Not so impressed by 2003 Château d'Yquem

So I'm a huge wine lover. And in particular a big fan of dessert wines. I have had dozens of different botrytis wines including most of the top Sauternes, Barsacs, and Monbazillacs in some vintage or other. My current favorite a Chateau Memoires Cadillac is a remarkable wine (and rather reasonable $ if somewhat hard to find.) Just for the record I also love ports and have had some very tasty ones dating back as far as 1945...

That said I have never tasted Château d'Yquem... A lot to spend on a bottle, never got around to it, etc. I tend to have good Sauternes in my cellar all the time and save the big $ for port.

I found myself in Gaslight, a Boston restaurant last night and was perusing the wine list as usual, and they have Château d'Yquem 2003 by the glass for $32. Well that was my chance. I bought a glass to share with a friend whose birthday it was...

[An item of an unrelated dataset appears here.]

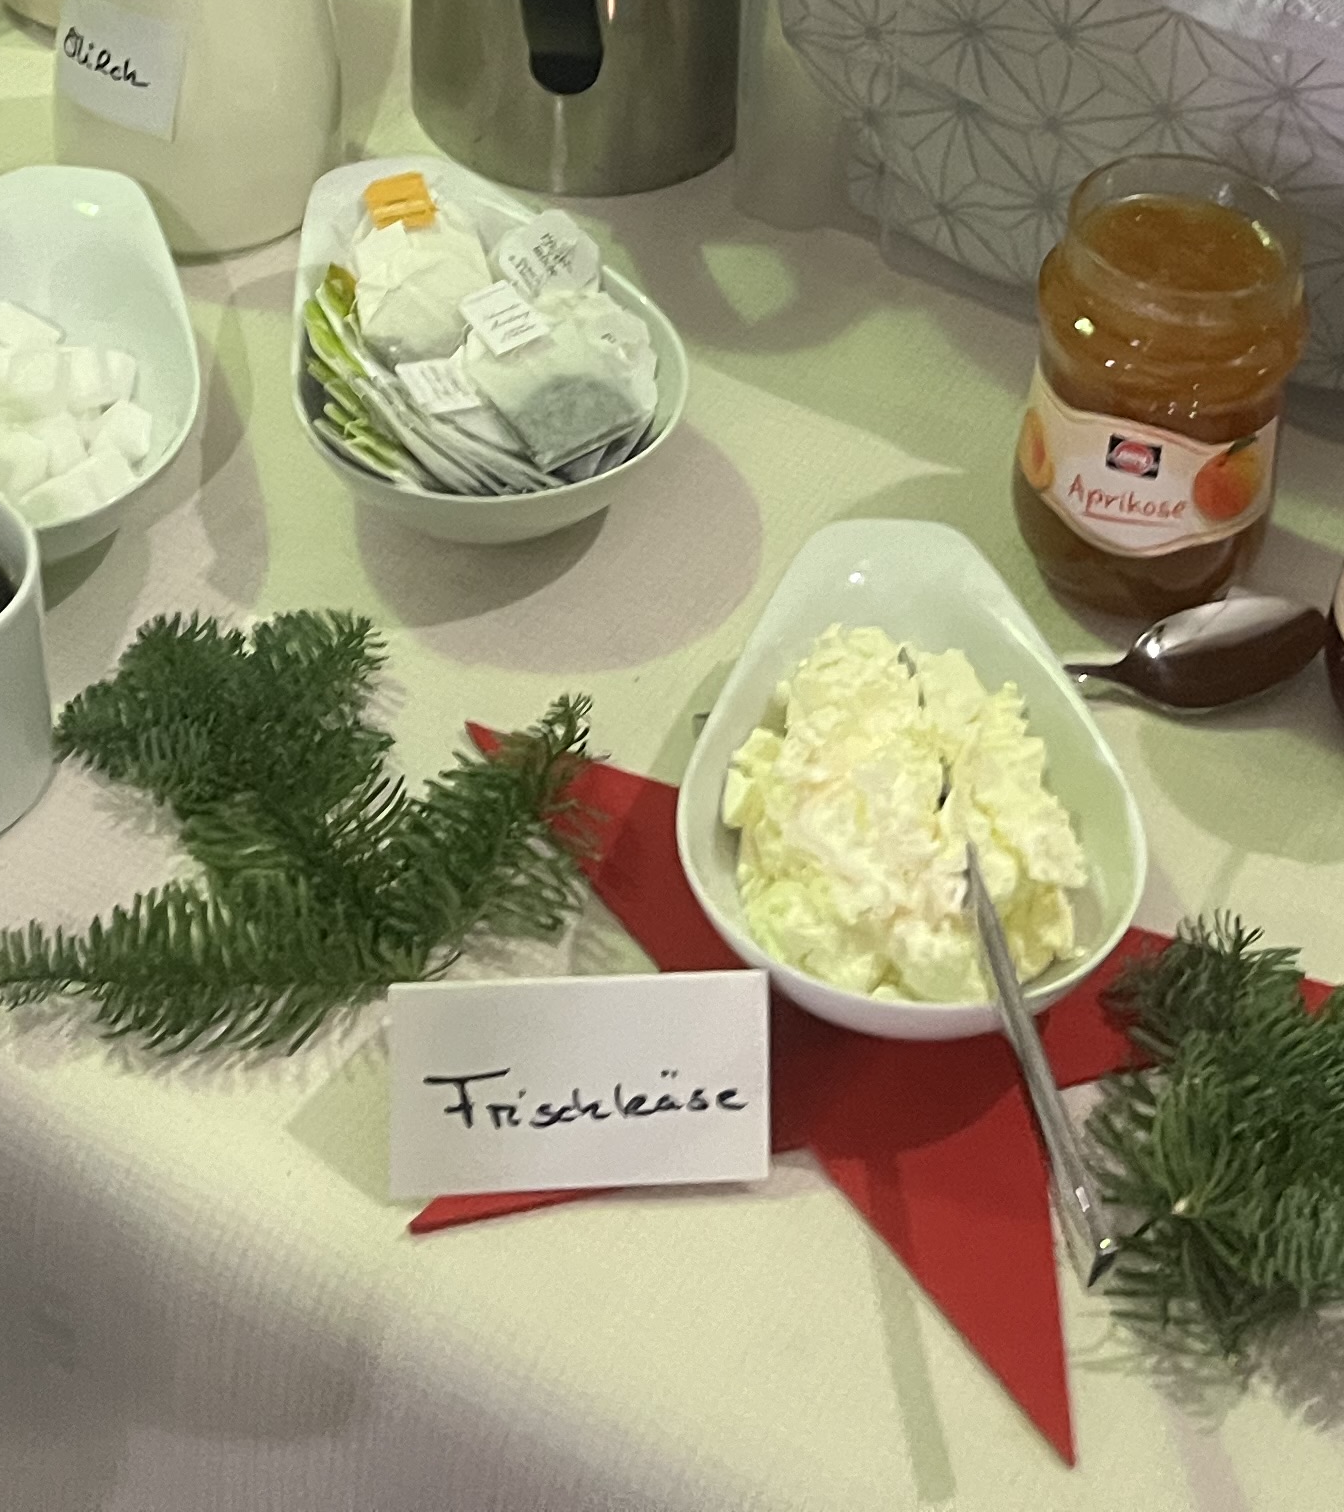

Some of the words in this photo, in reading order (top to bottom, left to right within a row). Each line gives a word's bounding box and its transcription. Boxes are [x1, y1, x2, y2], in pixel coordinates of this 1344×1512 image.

Sweet certainly, and tasty, some nice other fruity notes, but not the drop dead, mindblowing, definition-of-Sauternes flavor I expected. And honestly light on botrytis-character. Again, I would not complain if someone said: "here taste this." I would have said "wow nice Sauternes." But tasting blind, would never in a million years have said "ah ha, this is Yquem."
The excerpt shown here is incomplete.